The pictures in the data below are to be omitted; all else must be duplicated exactly.

——

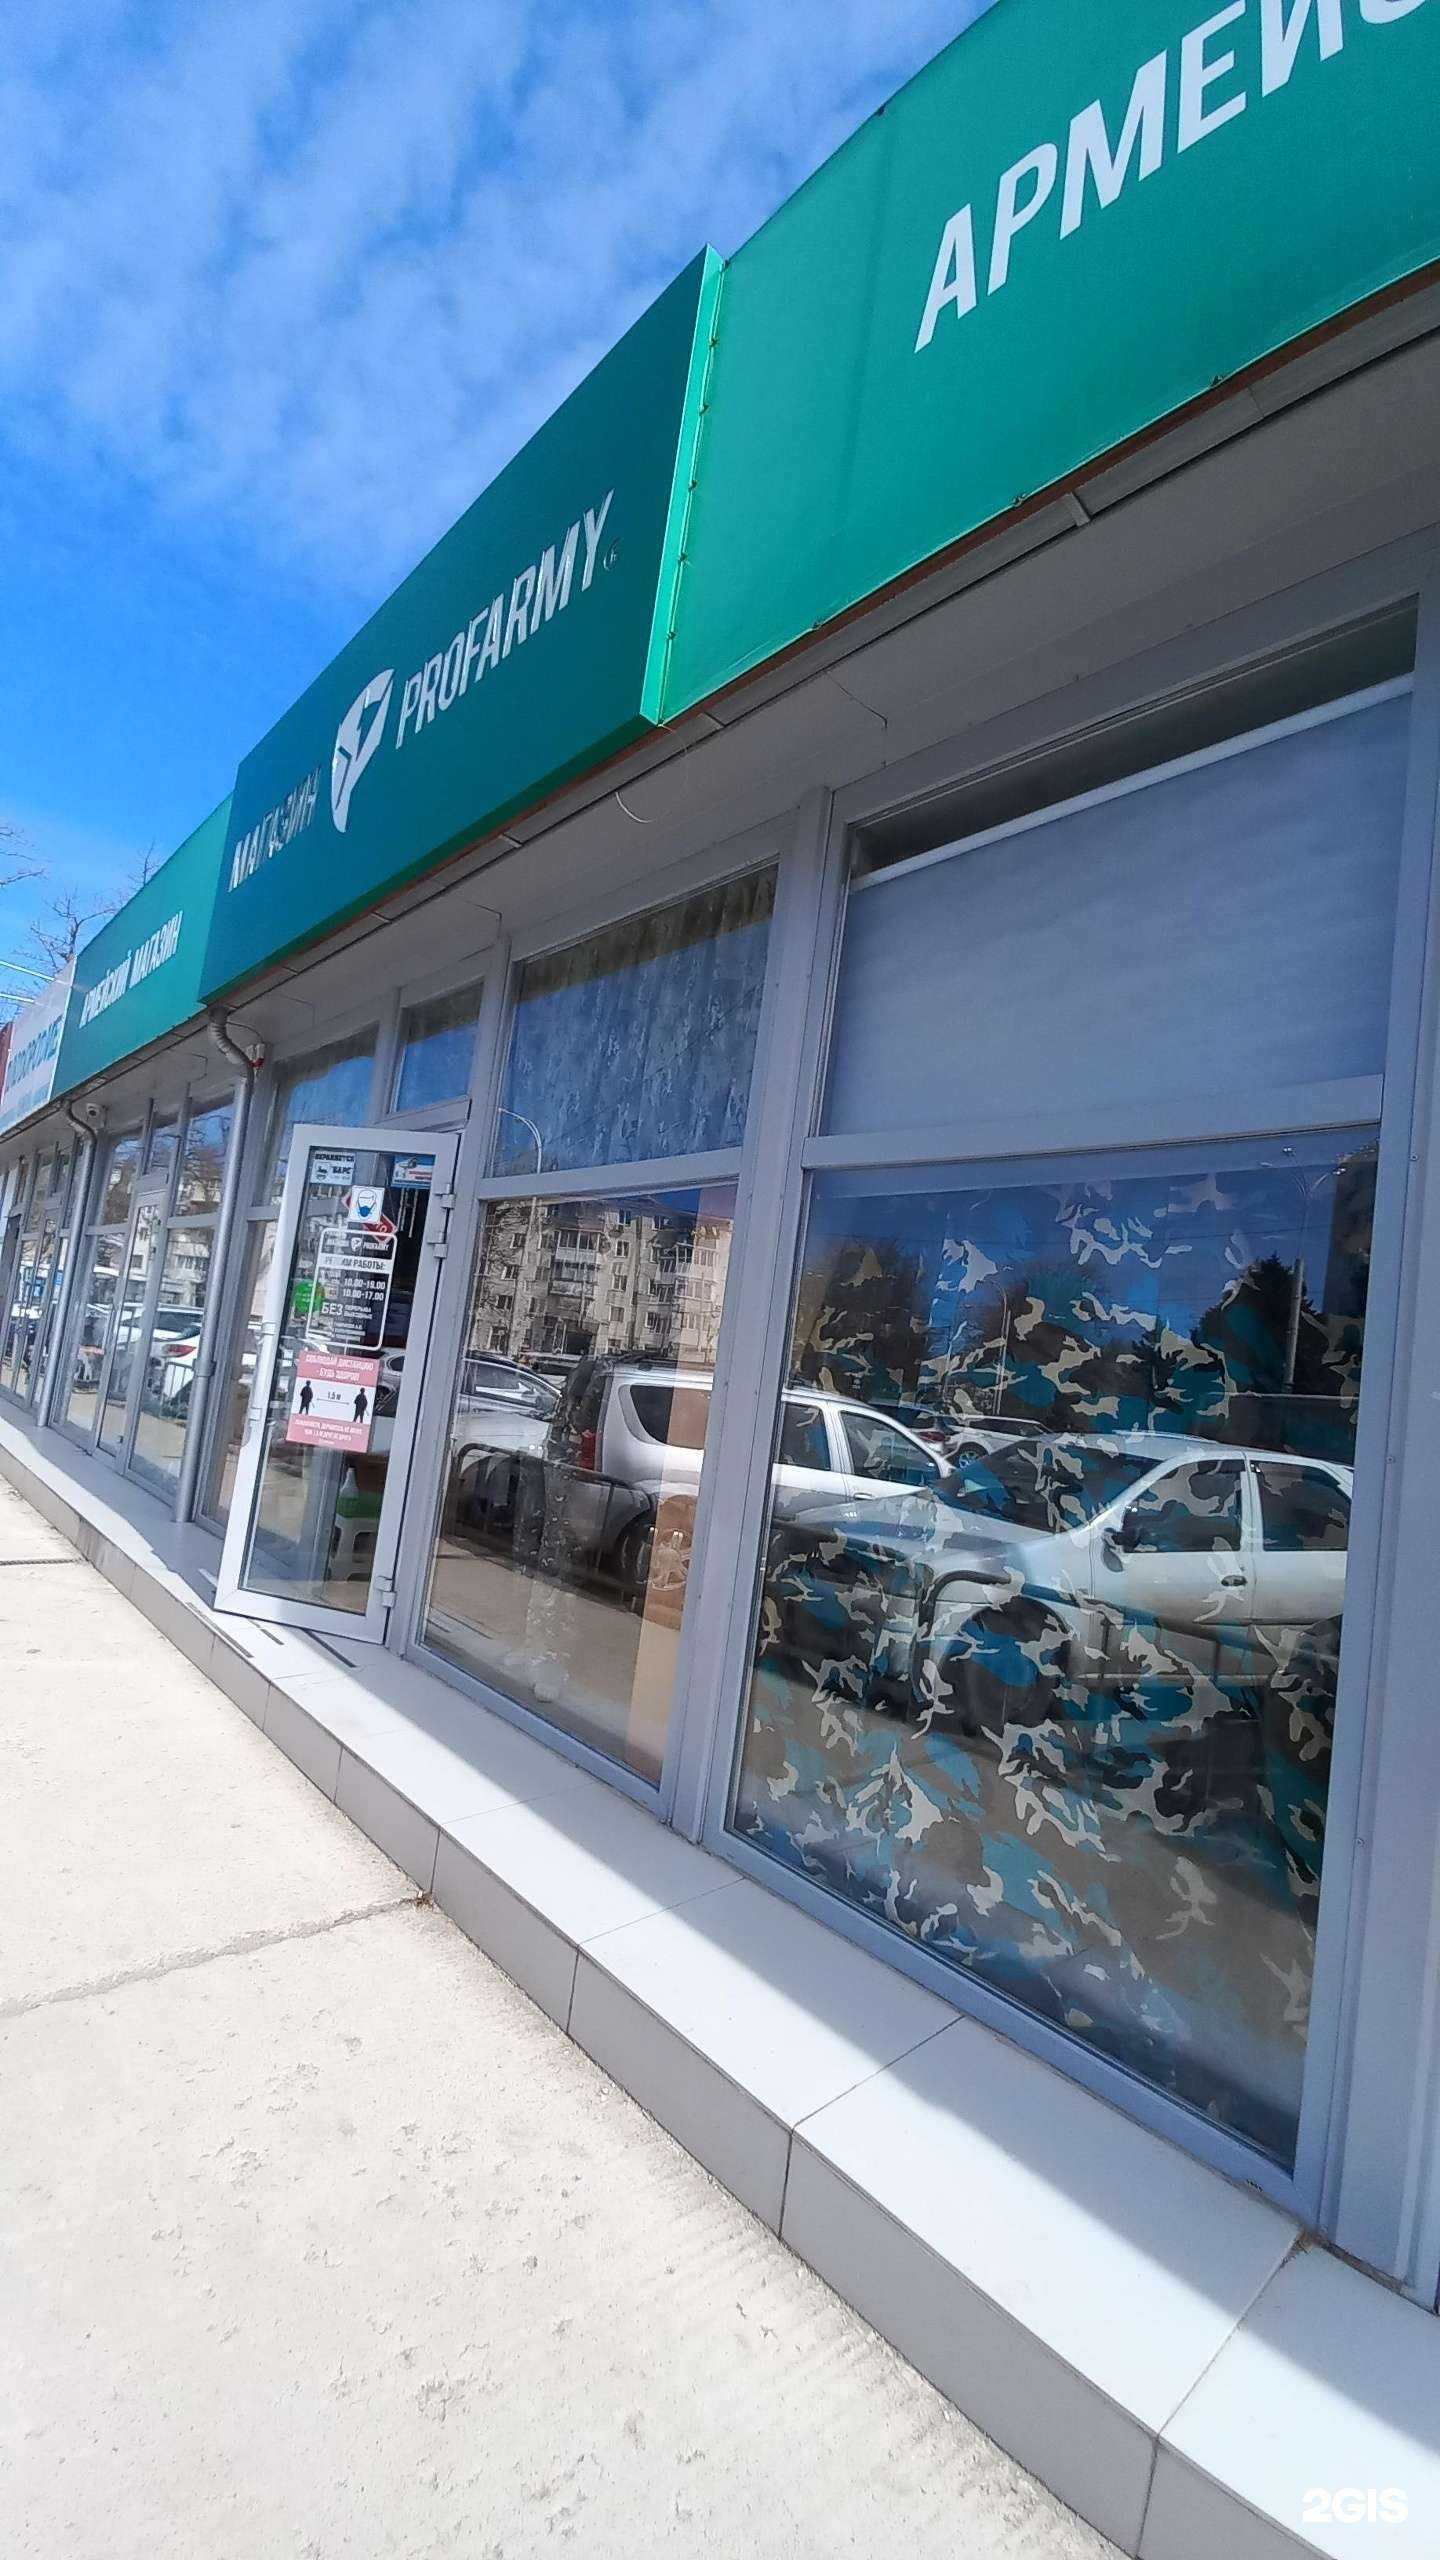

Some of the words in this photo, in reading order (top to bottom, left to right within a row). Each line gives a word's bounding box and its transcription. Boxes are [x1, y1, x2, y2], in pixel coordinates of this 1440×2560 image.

[914, 0, 1428, 353] АРМЕ
[395, 488, 615, 750] PROFARMY
[228, 767, 321, 893] МАГАЗИН
[321, 1302, 343, 1316] БЕЗ
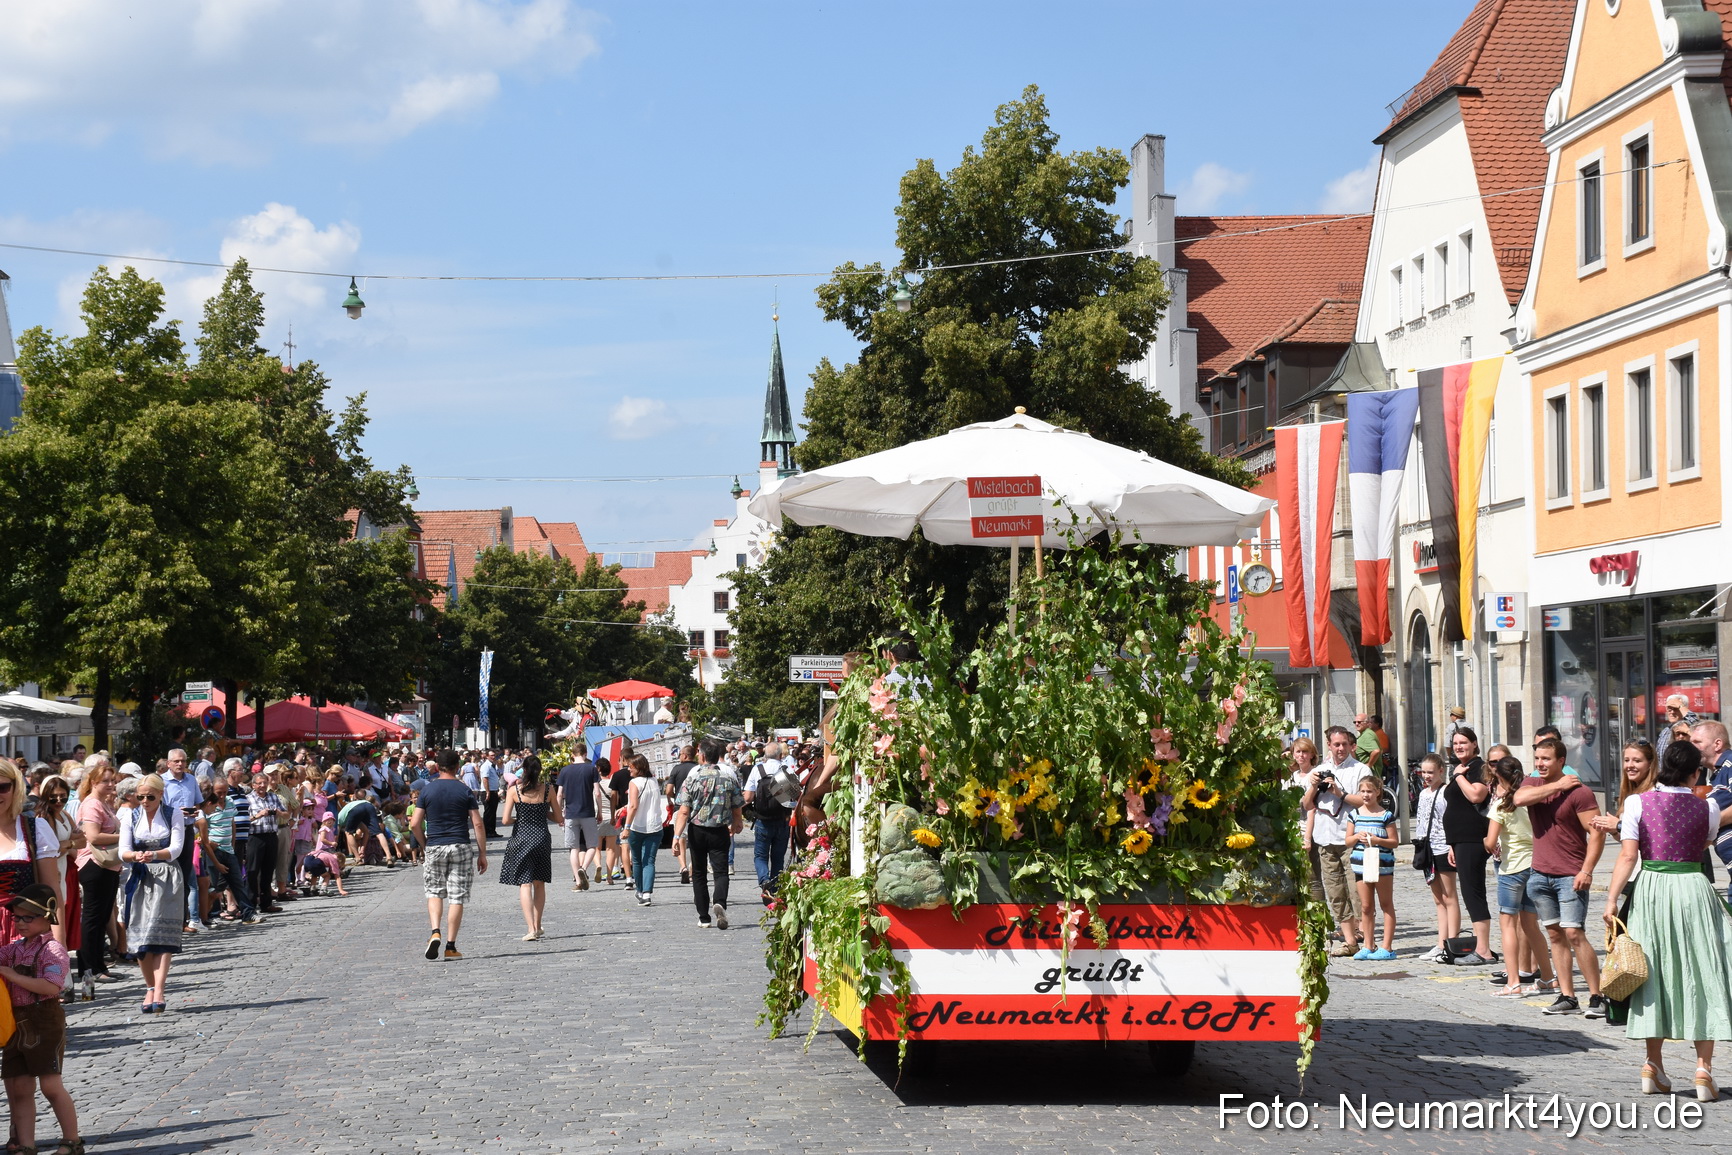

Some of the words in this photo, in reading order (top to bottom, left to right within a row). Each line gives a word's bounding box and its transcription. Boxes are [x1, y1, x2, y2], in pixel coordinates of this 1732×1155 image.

——

__OUTPUT FOR THIS TASK__.
Some of the words in this photo, in reading order (top to bottom, left to right within a row). Each line gives a word's bounding box and its transcription. Boxes are [x1, y1, x2, y2], in pixel coordinates of this 1440×2560 image.

[914, 0, 1428, 353] АРМЕ
[395, 488, 615, 750] PROFARMY
[228, 767, 321, 893] МАГАЗИН
[321, 1302, 343, 1316] БЕЗ

Some of the words in this photo, in reading order (top to bottom, left to right within a row). Each line gives a word's bounding box and its transcription. Boxes are [x1, y1, x2, y2], in pixel coordinates of this 1732×1155 image.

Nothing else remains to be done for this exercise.